- **YOUR OBJECTIVE**: A faithful copy of all the entries is required, with no pictures in it.

- **DATA SHOWN**:
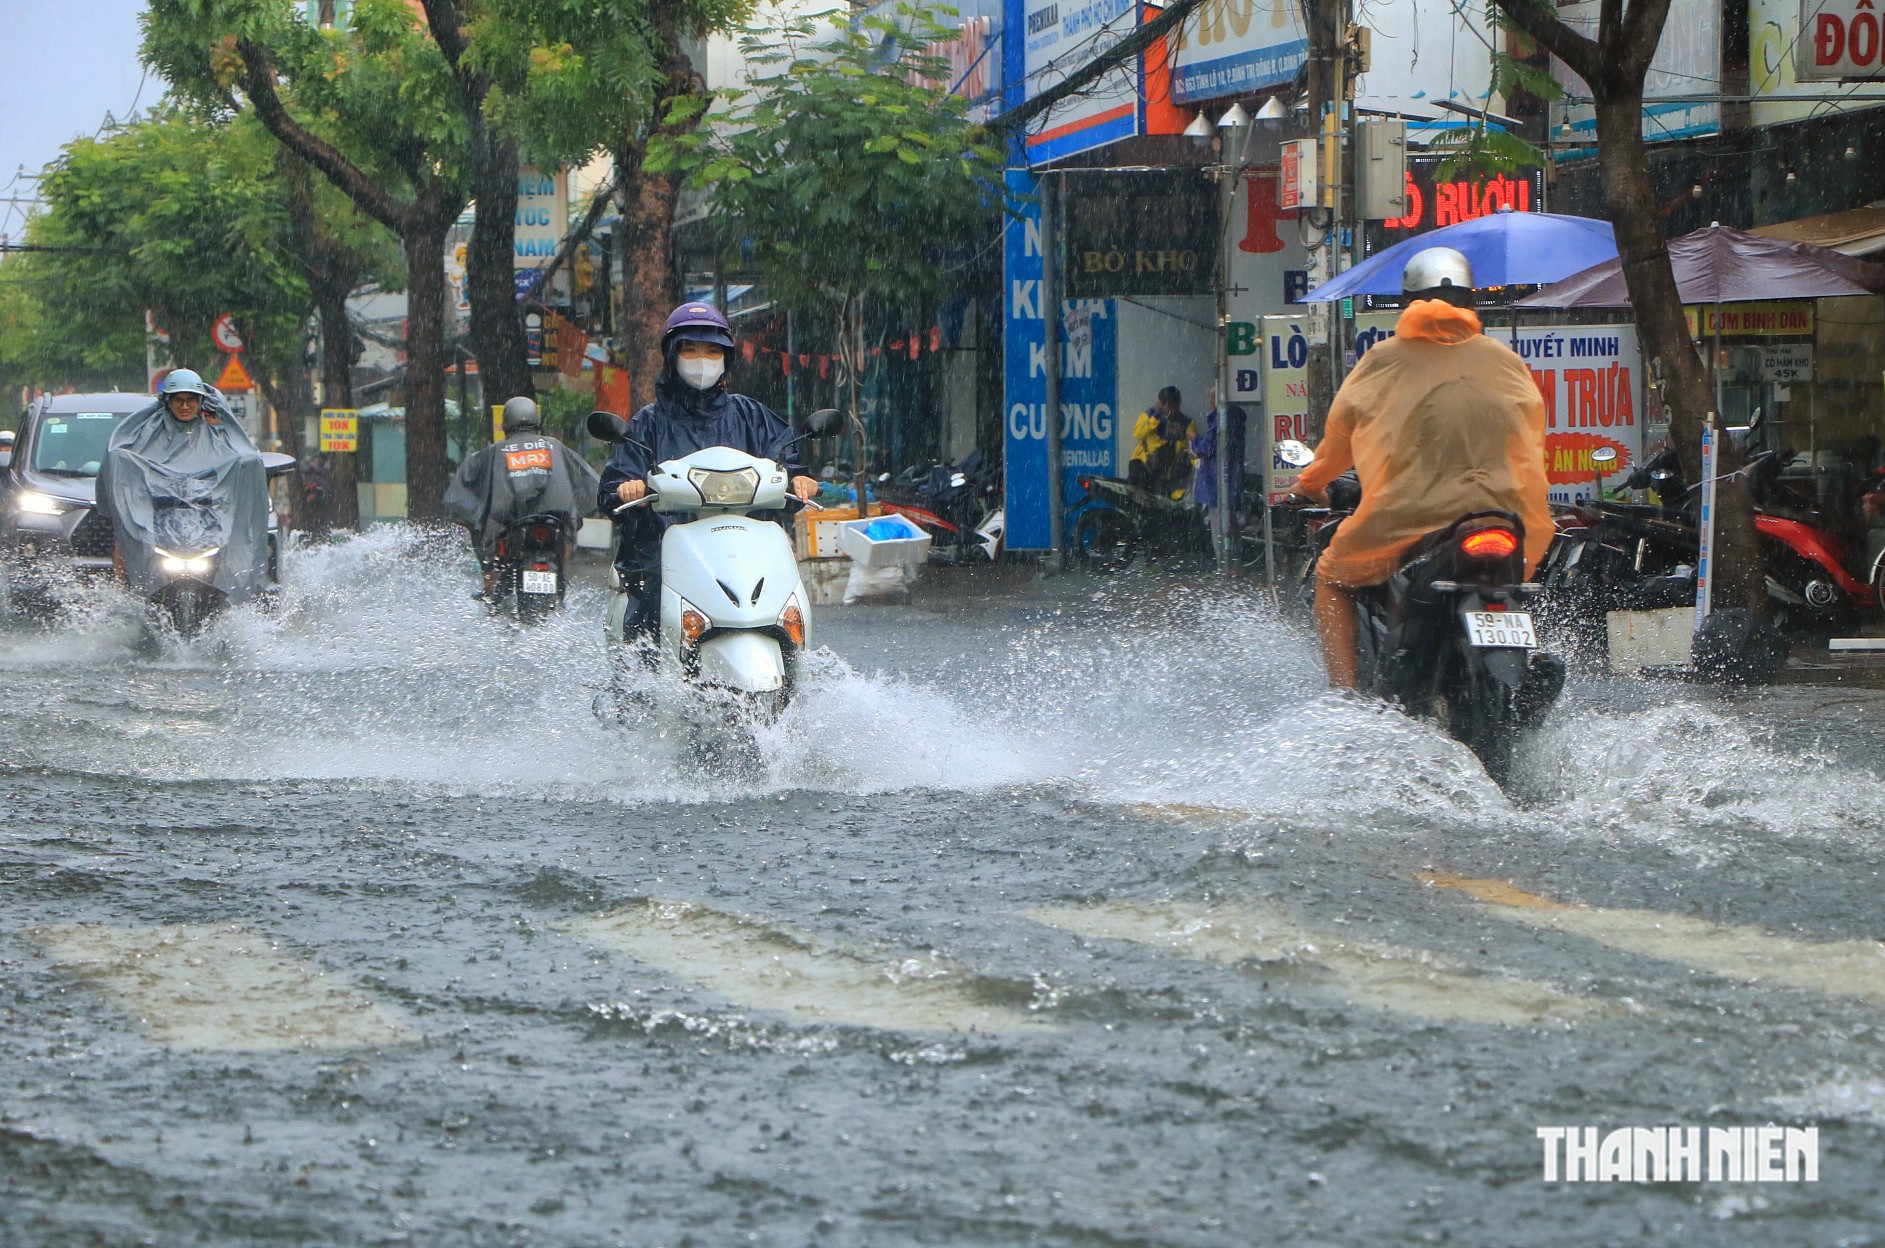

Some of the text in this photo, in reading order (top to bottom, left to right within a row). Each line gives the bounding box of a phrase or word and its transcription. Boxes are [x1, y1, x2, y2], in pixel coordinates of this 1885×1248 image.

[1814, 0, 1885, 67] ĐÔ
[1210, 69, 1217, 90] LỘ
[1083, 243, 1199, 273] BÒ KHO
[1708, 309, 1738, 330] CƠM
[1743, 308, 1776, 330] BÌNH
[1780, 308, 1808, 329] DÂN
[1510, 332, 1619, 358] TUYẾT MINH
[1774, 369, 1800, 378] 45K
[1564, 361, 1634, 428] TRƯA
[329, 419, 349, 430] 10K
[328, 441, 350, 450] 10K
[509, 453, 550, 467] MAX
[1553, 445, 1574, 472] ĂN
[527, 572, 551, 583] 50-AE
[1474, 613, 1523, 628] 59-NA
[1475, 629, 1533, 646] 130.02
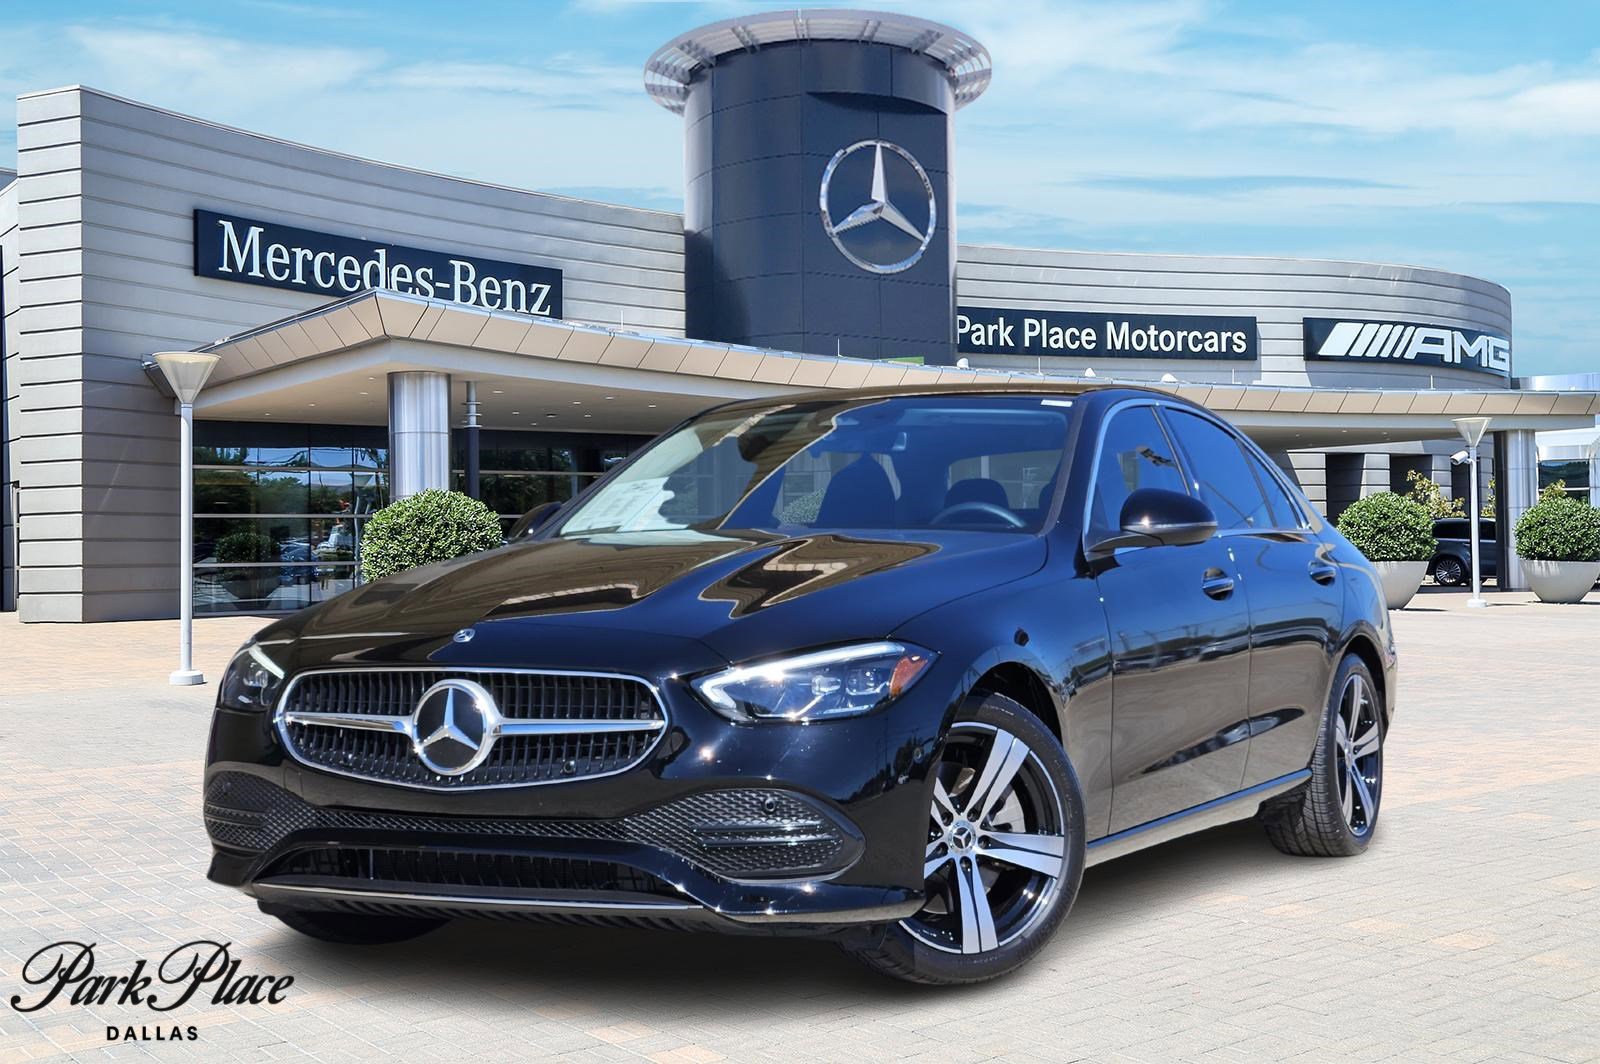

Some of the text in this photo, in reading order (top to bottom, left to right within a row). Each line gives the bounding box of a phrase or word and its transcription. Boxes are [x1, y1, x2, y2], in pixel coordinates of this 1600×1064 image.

- **RESPONSE FOR THIS EXERCISE**:
Some of the text in this photo, in reading order (top to bottom, left to right within a row). Each line gives the bounding box of a phrase or word and its transcription. Boxes are [x1, y1, x2, y2], in pixel coordinates of this 1885×1248 image.

[1814, 0, 1885, 67] ĐÔ
[1210, 69, 1217, 90] LỘ
[1083, 243, 1199, 273] BÒ KHO
[1708, 309, 1738, 330] CƠM
[1743, 308, 1776, 330] BÌNH
[1780, 308, 1808, 329] DÂN
[1510, 332, 1619, 358] TUYẾT MINH
[1774, 369, 1800, 378] 45K
[1564, 361, 1634, 428] TRƯA
[329, 419, 349, 430] 10K
[328, 441, 350, 450] 10K
[509, 453, 550, 467] MAX
[1553, 445, 1574, 472] ĂN
[527, 572, 551, 583] 50-AE
[1474, 613, 1523, 628] 59-NA
[1475, 629, 1533, 646] 130.02

Some of the text in this photo, in reading order (top to bottom, left to right within a row). Each line gives the bounding box of a phrase or word and its transcription. Boxes are [x1, y1, x2, y2], in pixel coordinates of this 1600×1064 image.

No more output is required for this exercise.